The conclusion was that he was "a mediocre student", but with a lot of potential.

“There is a belief that creativity is something profoundly special, only human,” he reasoned. "Maybe it's not so true anymore," the OpenAI executive director clarified in a videoconference held last summer from the San Francisco barracks to explain the advances in DALL-E, which was being trained to create its own original art.

In November, however, ChatGPT emerged, stealing all the attention and creating a huge debate, strewn with uncertainties about the future of AI and its influence on everyday life. The fear of dystopia never goes away when the discussion turns to artificial intelligence. Altman himself recognizes that the future is a coin in the air that it is not known which way it will fall.

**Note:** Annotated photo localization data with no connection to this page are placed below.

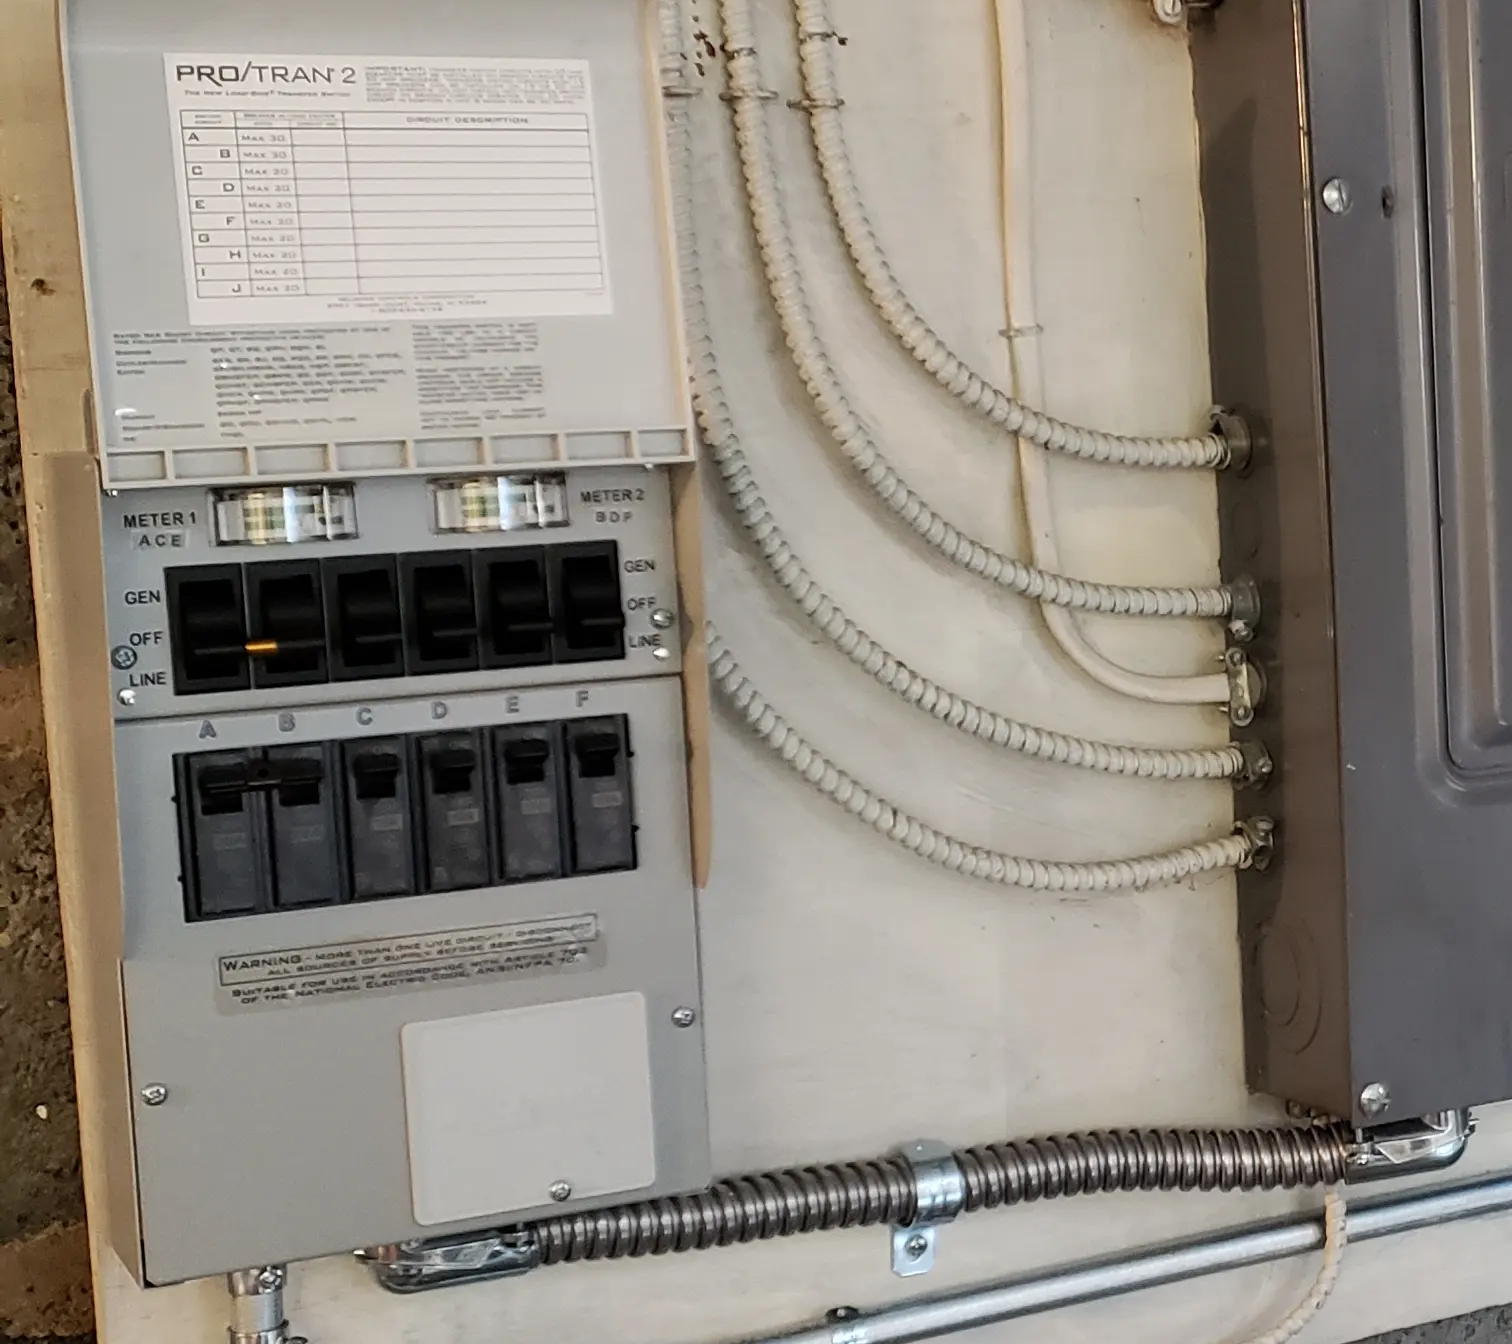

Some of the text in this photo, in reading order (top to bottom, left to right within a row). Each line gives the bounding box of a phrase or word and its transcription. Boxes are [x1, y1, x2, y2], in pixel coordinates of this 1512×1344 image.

[341, 66, 356, 84] 2
[406, 115, 529, 125] CIRCUIT DESCRIPTION
[188, 131, 200, 142] A
[219, 148, 231, 159] B
[191, 165, 203, 176] C
[222, 182, 235, 193] D
[194, 199, 206, 210] E
[226, 216, 236, 226] F
[198, 233, 210, 243] G
[229, 250, 242, 260] H
[231, 283, 242, 294] J
[580, 487, 646, 504] METER 2
[123, 511, 196, 529] METER 1
[624, 559, 656, 574] GEN
[124, 589, 161, 605] GEN
[626, 596, 657, 611] OFF
[129, 631, 164, 647] OFF
[628, 634, 662, 649] LINE
[128, 671, 167, 688] LINE
[198, 689, 590, 740] A B C D E F
[223, 954, 302, 972] WARNING
[315, 950, 353, 961] MORE
[357, 945, 391, 956] THAN
[394, 942, 421, 951] ONE
[267, 967, 292, 976] ALL
[296, 959, 357, 973] SOURCES
[361, 956, 378, 965] OF
[231, 983, 297, 997] SUITABLE
[301, 979, 327, 989] FOR
[332, 975, 358, 986] USE
[240, 996, 258, 1005] OF
[264, 992, 289, 1002] THE
[295, 985, 361, 998] NATIONAL

ChatGPT, a computerized chatbot to simulate humans, has generated a buzz unlike any since the iPhone was launched in 2007. It is not surprising that this smart guy, a rebel who would appear in shorts or hooded in his sweatshirt to meetings with top executives, begins to evoke the stamp of Steve Jobs. The magazines Forbes (list of young investors) and Business Week (one of the great entrepreneurs in technology) have exalted him.

Born in Chicago (Illinois) on April 22, 1985, but raised in St. Louis (Missouri), he was raised in a Jewish home and came out as gay while in high school.

At the age of eight, he was given a Mac LC2 computer. “It cost 2,200 1993 dollars. It was horribly expensive and not much, 40 megabytes on the hard drive. But putting it in my bedroom reminds me that it drew a dividing line in my life, before and after the computer,” she said.

After high school he entered the prestigious Stanford University, the cradle of technology. He left early, in 2005, when he was 20. By that time he had founded and was CEO of Loopt, the seed of a location-based social network.

He sold it to him some time later, amassed a good number of millions (they did not fall below 40) and impressed one of his investors, the Y Combinator fund, which he ended up presiding between 2014 and 2019. From this accelerator platform for startups such as Airbnb, Dropbox or Coinbase, also invested in Reddit or Change.org.

In 2015 he founded OpenAI together with Elon Musk and others. The Tesla businessman left the board in 2018, though he continued as a donor. Now, in addition, he has become critical of deals with Microsoft, such as the Seattle giant's $10 billion investment announced this week. “OpenAI started as a non-profit and open source. None of them are still valid," Musk tweeted.

Since 2019, when he left Y Combinator, Altman has been the CEO of OpenAI. "My personal belief is that technology does more great things than bad," he stressed, "but it is unpredictable."